Republican expectations mistake

By Frank Moraes

Josh Barro made an excellent point a week and a half ago, How Conservatives Are Helping Obamacare. It isn't the focus of the article, however. He noted that the Republicans are managing expectations about the implementation of the new healthcare law. So if next year comes without riots and a syphilis pandemic, people will likely be relieved.

This is interesting. You may remember back to the debates of the 2012 presidential election. Normally, each side tries to keep expectations low. "I'm just hoping my candidate can get through the debate without urinating on himself." In fact, this is so expected that it is the major focus of discussions by the pundits in the lead up to debates. But this last year it was different. The Republicans set expectations high for Romney. It all worked out for him in the first debate, not so much because he was strong, but because Obama was so weak. I wondered at the time why this was, but that was about it.

Now with Republicans setting expectations for Obamacare so low, I have a thought. The Republican Party is more and more a closed system. It has its own media sources and interacts as little as possible with normal, middle of the road, media, which they consider to be liberal and biased. As a result, they convince themselves not only that they are right but that the other side is so obviously wrong that conservatives needn't even worry about it. This was certainly seen in the last presidential election where a lot of conservatives thought Obama was such a weak candidate that they thought of course he would lose.



Another result of this kind of thinking is the extreme politics. Conservatives are not worried about working with the Democratic Party because they think that soon the Democratic Party will die off as we see riots in the street, inflation at 200% per week, and of course the coming syphilis pandemic. So why compromise when total control of the government is only one election cycle away.

Regarding Obamacare, they don't think it will be a disaster, they know it. And so they don't even play the expectations game. In fact, they think that it will be so bad that they could hardly overstate the catastrophe that is to come. This is a major error of judgement, of course. The facts indicate something else.Jonathan Cohn wrote a good article about this. The biggest issue is that the vast majority of people will see no change in their healthcare at all—they won't even notice the Obamacare implementation. The people most affected will be those who don't currently have health insurance and will get it. So they are likely to be pretty happy. Regardless, these are mostly poor people who vote Democrat anyway.
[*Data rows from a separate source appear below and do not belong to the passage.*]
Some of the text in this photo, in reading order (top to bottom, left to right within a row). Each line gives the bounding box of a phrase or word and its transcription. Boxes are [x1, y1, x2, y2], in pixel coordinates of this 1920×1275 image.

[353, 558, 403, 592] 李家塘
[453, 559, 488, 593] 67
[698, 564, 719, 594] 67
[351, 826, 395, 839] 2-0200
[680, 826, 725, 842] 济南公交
But facts really do not matter when everyone in your circle just knows that hyperinflation is right around the corner. The next step is for the conservatives to turn to conspiracy theories. Many conservatives even now argue that there really is hyperinflation and that the government is just hiding it. This kind of thinking is also at work with the "voter fraud" obsession on the right. They knew that Obama couldn't win in 2012, and in fact he didn't, because of voter fraud.

The irony is that thinking liberalism is in its death throes is causing the Republican Party to become less and less relevant. Eventually, it must create a critical imbalance in the party that causes it to go back to its roots as a conservative rather than revolutionary party. I look forward to that, because a real conservative party is needed—not just for the health of the Republicans but for the Democrats as well.